▸ **Exercise goal**
Output the listing exactly, without its pictures.

▸ **Data supplied**
- - -
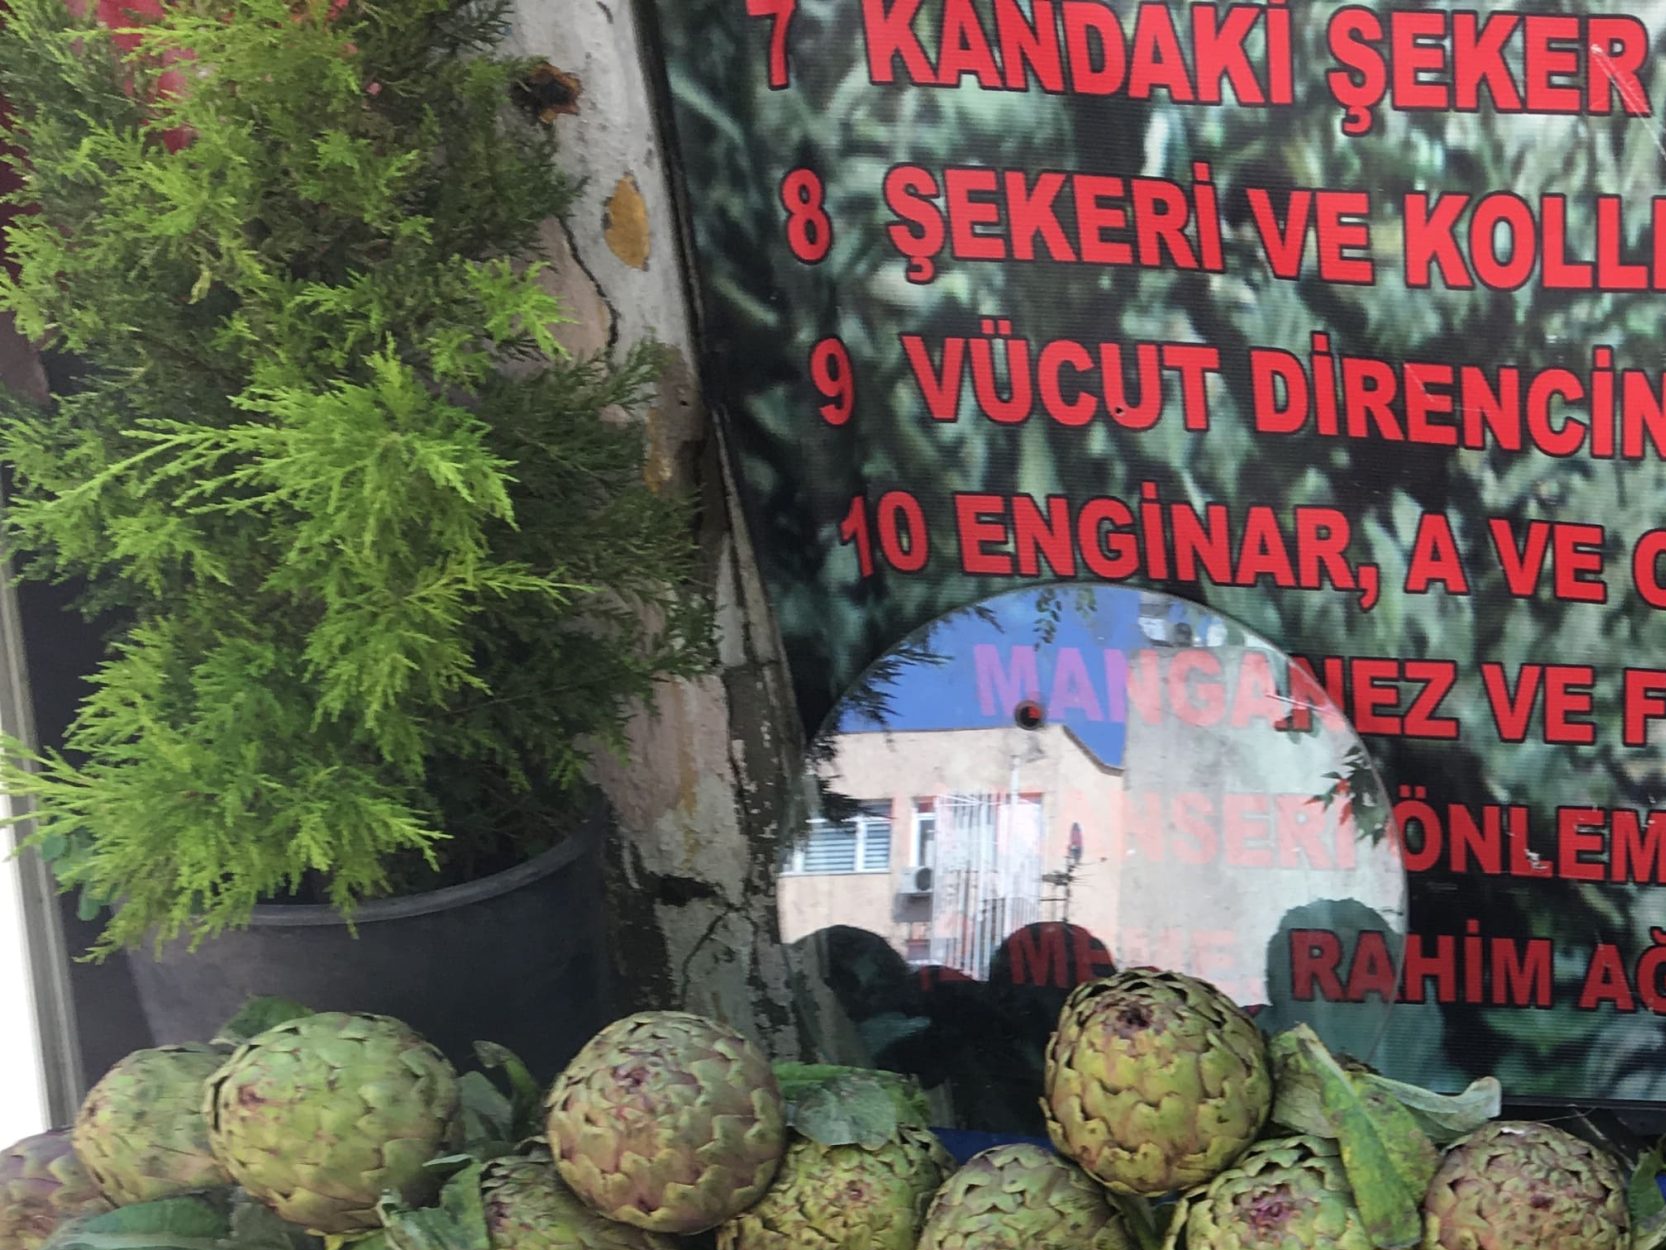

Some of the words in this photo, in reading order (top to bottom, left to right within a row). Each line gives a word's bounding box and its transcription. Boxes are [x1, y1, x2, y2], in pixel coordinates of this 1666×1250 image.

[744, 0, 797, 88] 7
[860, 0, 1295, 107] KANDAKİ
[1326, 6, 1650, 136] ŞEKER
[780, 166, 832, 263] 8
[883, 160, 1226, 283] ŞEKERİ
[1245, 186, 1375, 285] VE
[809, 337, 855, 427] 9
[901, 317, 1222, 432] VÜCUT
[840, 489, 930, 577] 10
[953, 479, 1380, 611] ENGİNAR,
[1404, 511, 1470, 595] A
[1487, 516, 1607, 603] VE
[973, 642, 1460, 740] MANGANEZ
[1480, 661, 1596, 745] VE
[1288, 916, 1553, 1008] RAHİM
- - -
▸ **Exercise solution**
Some of the words in this photo, in reading order (top to bottom, left to right within a row). Each line gives a word's bounding box and its transcription. Boxes are [x1, y1, x2, y2], in pixel coordinates of this 1666×1250 image.

[744, 0, 797, 88] 7
[860, 0, 1295, 107] KANDAKİ
[1326, 6, 1650, 136] ŞEKER
[780, 166, 832, 263] 8
[883, 160, 1226, 283] ŞEKERİ
[1245, 186, 1375, 285] VE
[809, 337, 855, 427] 9
[901, 317, 1222, 432] VÜCUT
[840, 489, 930, 577] 10
[953, 479, 1380, 611] ENGİNAR,
[1404, 511, 1470, 595] A
[1487, 516, 1607, 603] VE
[973, 642, 1460, 740] MANGANEZ
[1480, 661, 1596, 745] VE
[1288, 916, 1553, 1008] RAHİM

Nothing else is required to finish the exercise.